## ABOUT THIS EXERCISE
Exclude every picture and return the remaining entries below verbatim.

(Free-text object descriptions)
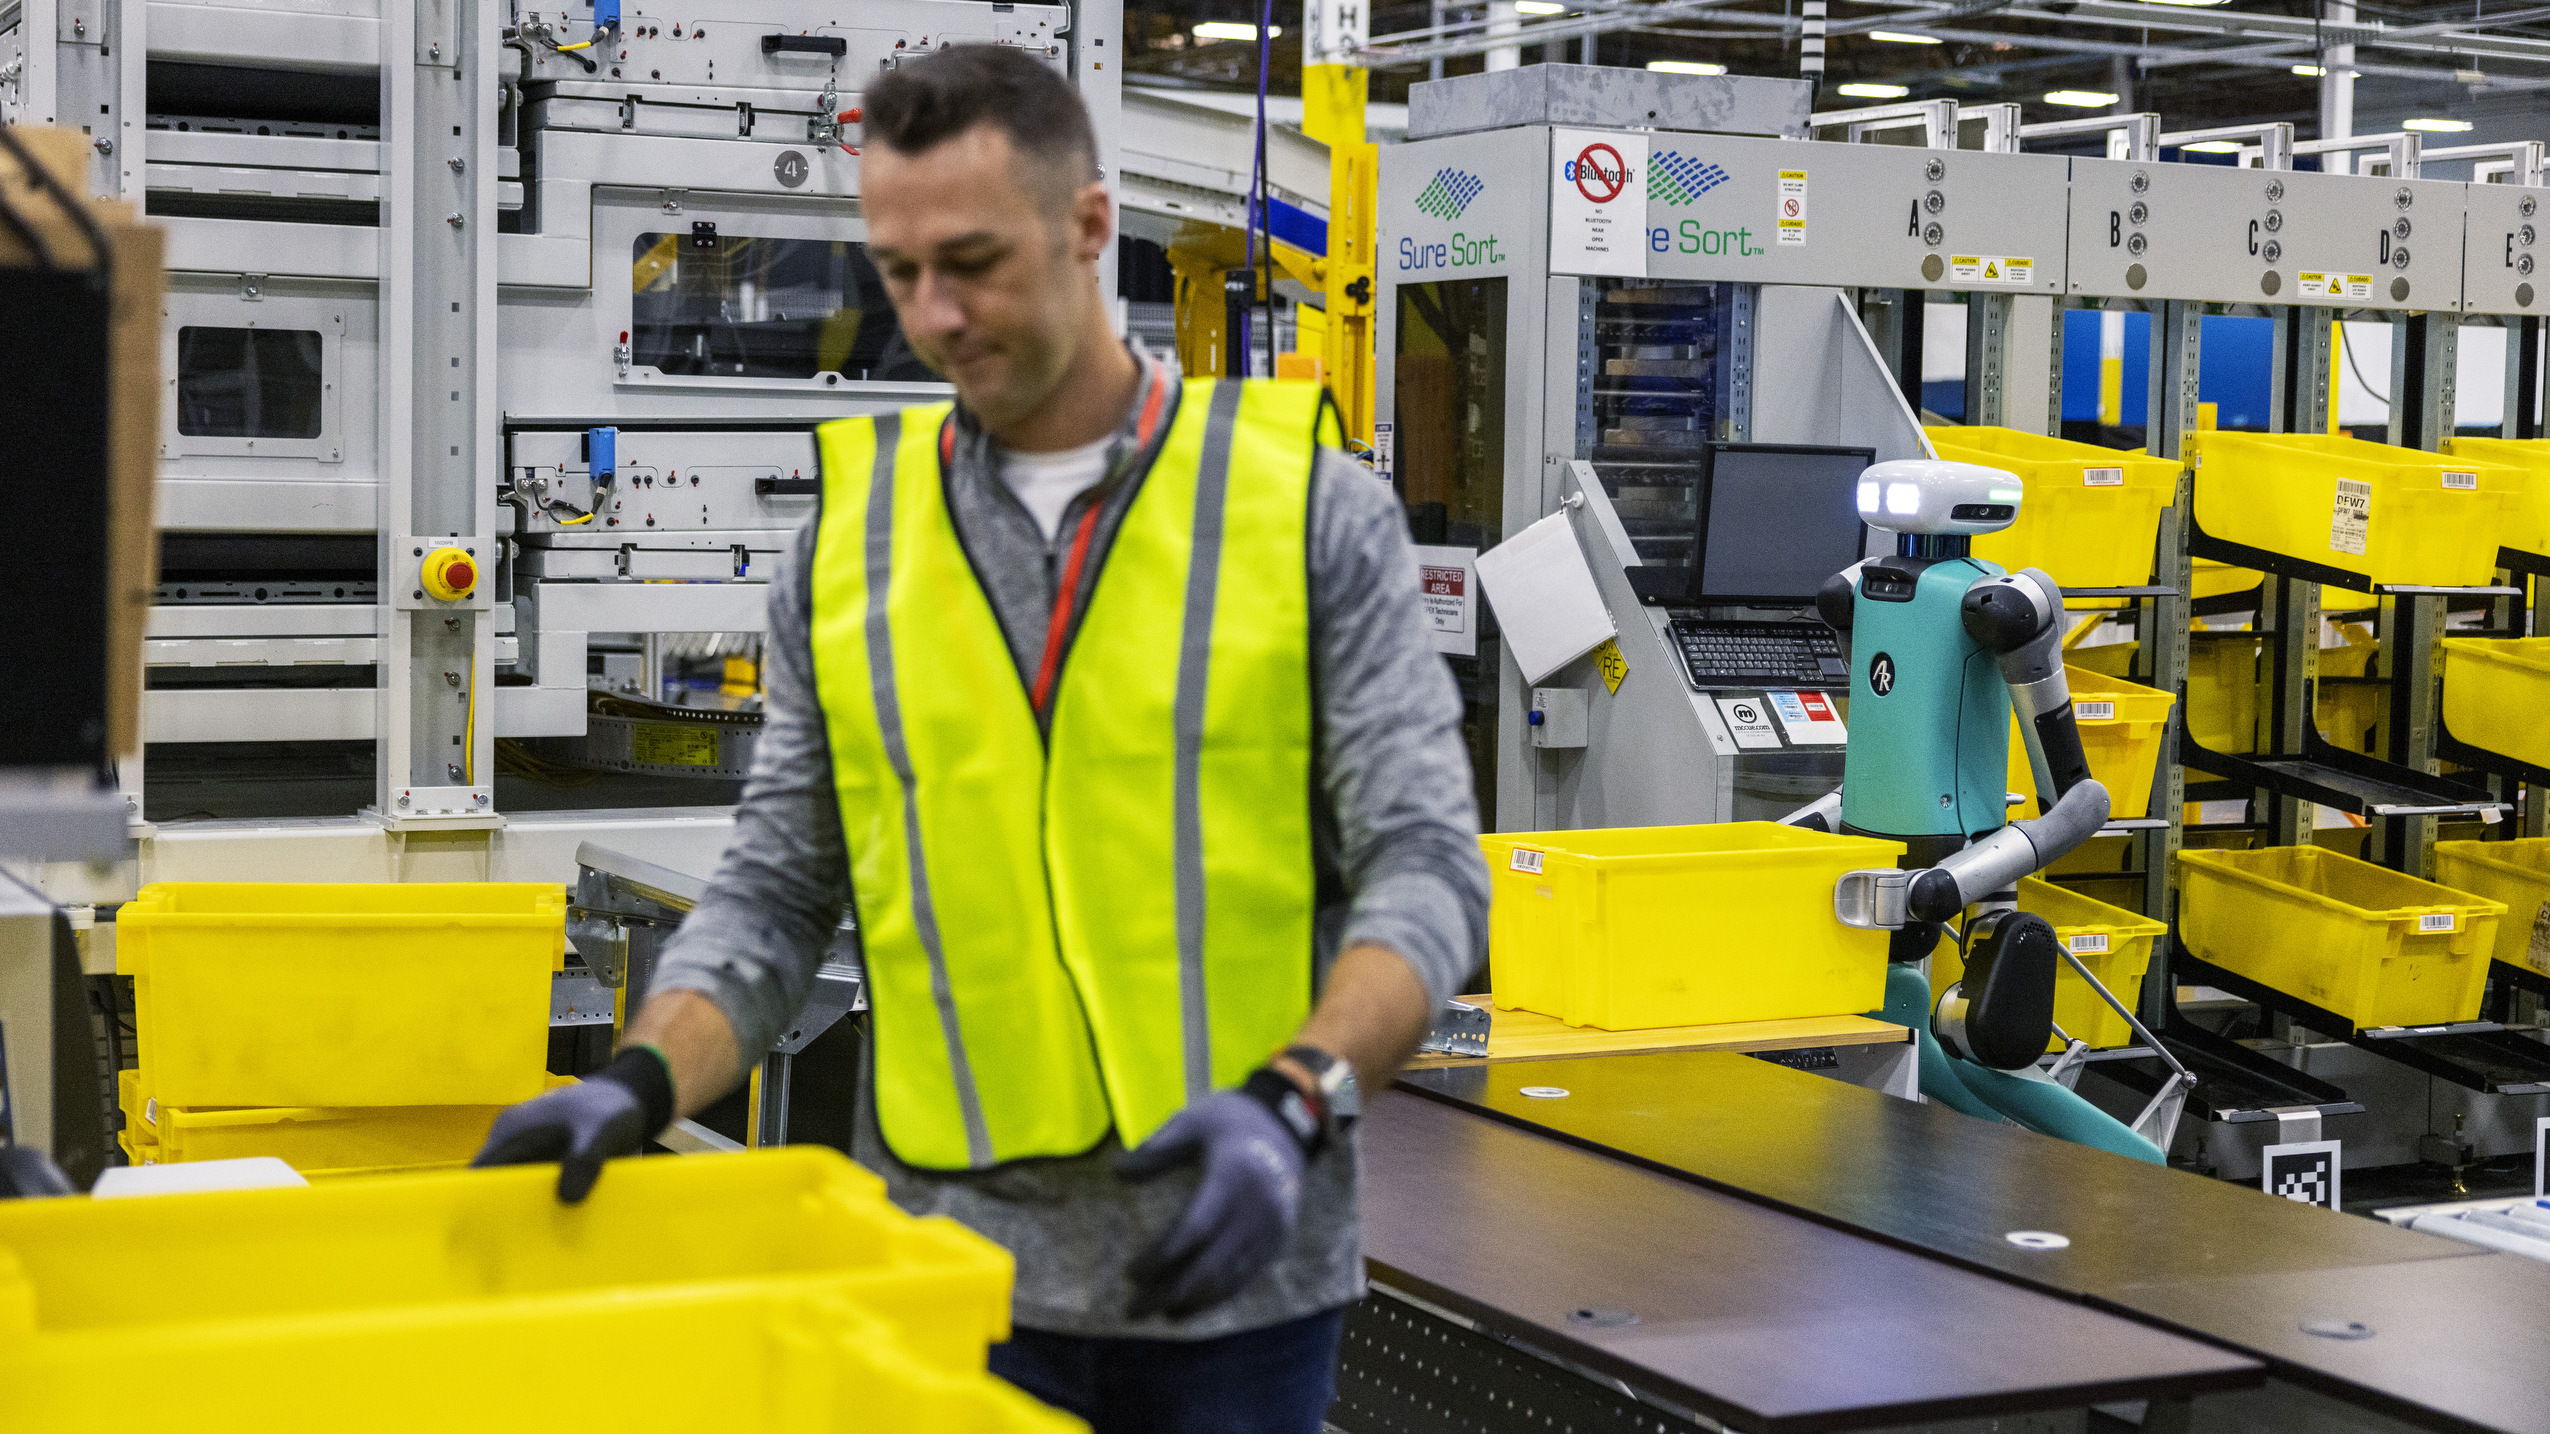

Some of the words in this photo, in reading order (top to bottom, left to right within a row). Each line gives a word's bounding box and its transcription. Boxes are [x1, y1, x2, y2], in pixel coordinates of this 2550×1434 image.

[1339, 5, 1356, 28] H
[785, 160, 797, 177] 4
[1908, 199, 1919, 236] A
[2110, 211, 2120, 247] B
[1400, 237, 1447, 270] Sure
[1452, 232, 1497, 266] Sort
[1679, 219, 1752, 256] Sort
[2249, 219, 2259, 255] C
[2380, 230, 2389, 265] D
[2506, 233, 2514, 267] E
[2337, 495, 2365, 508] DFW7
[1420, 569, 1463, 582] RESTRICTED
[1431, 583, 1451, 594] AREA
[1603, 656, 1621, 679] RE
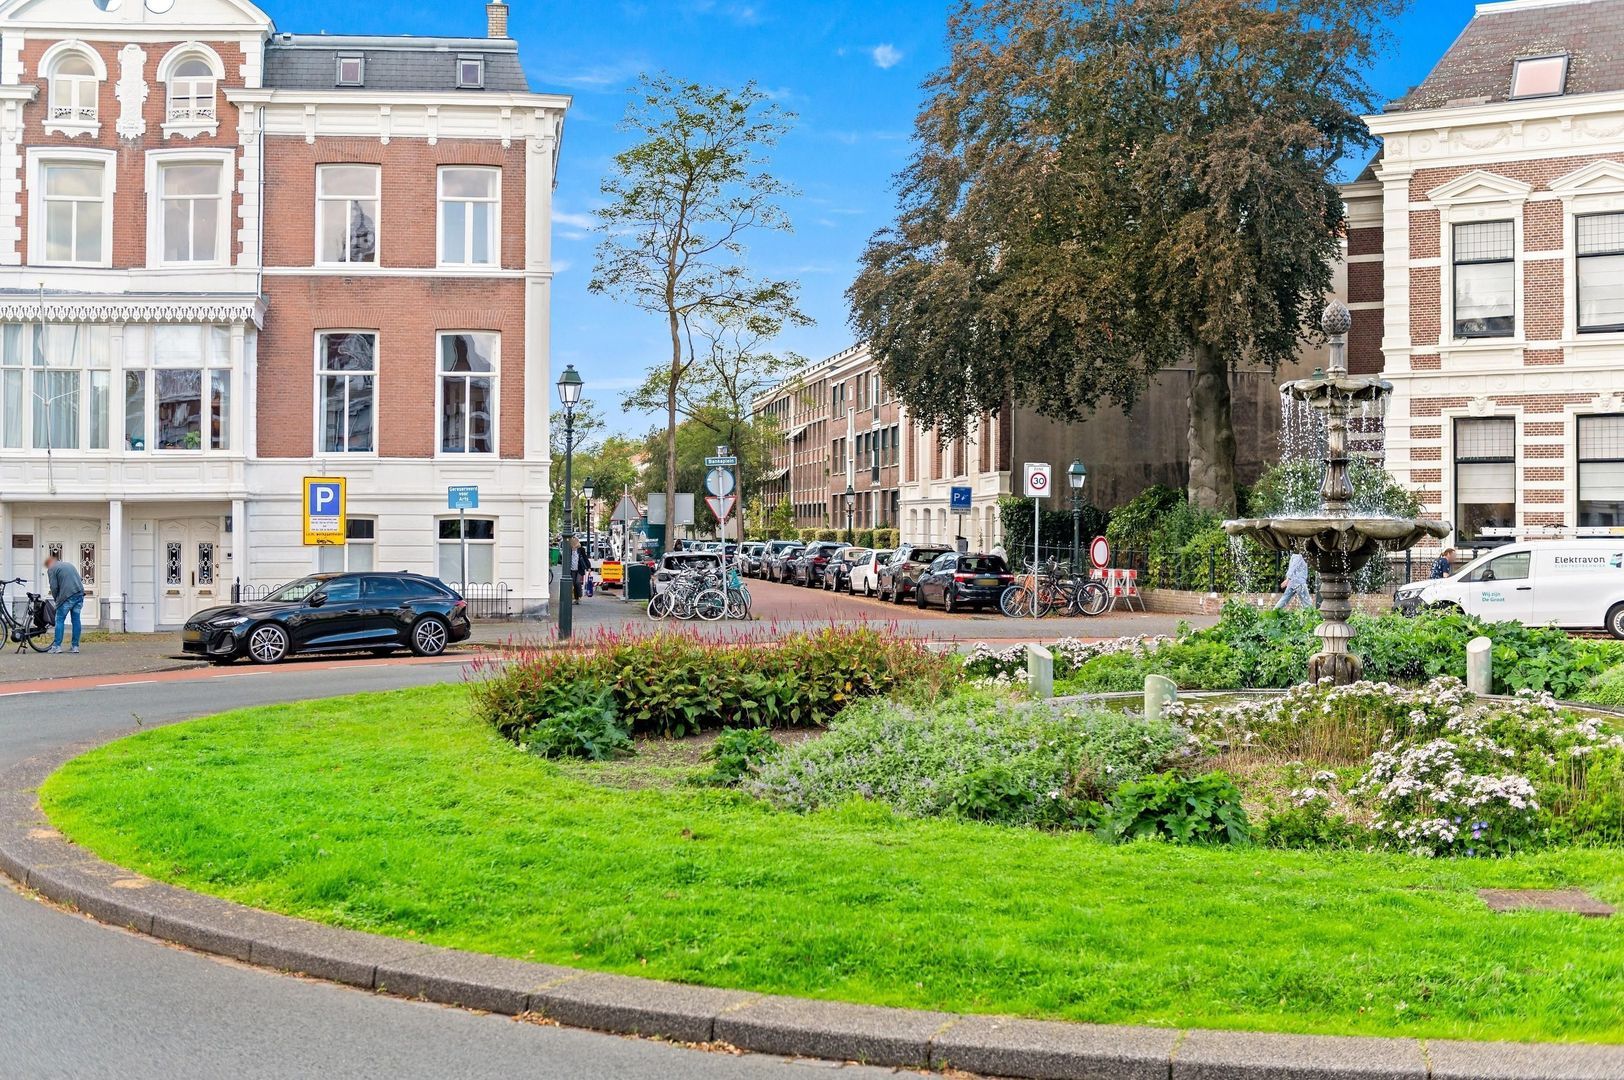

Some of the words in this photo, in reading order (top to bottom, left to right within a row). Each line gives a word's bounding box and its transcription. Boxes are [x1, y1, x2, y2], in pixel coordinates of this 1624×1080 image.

## SOLUTION TO THIS TASK
Some of the words in this photo, in reading order (top to bottom, left to right within a row). Each line gives a word's bounding box and its transcription. Boxes are [x1, y1, x2, y2], in pixel coordinates of this 2550×1434 image.

[1339, 5, 1356, 28] H
[785, 160, 797, 177] 4
[1908, 199, 1919, 236] A
[2110, 211, 2120, 247] B
[1400, 237, 1447, 270] Sure
[1452, 232, 1497, 266] Sort
[1679, 219, 1752, 256] Sort
[2249, 219, 2259, 255] C
[2380, 230, 2389, 265] D
[2506, 233, 2514, 267] E
[2337, 495, 2365, 508] DFW7
[1420, 569, 1463, 582] RESTRICTED
[1431, 583, 1451, 594] AREA
[1603, 656, 1621, 679] RE

Some of the words in this photo, in reading order (top to bottom, left to right within a row). Each line gives a word's bounding box and its transcription. Boxes are [x1, y1, x2, y2], in pixel coordinates of this 1624×1080 image.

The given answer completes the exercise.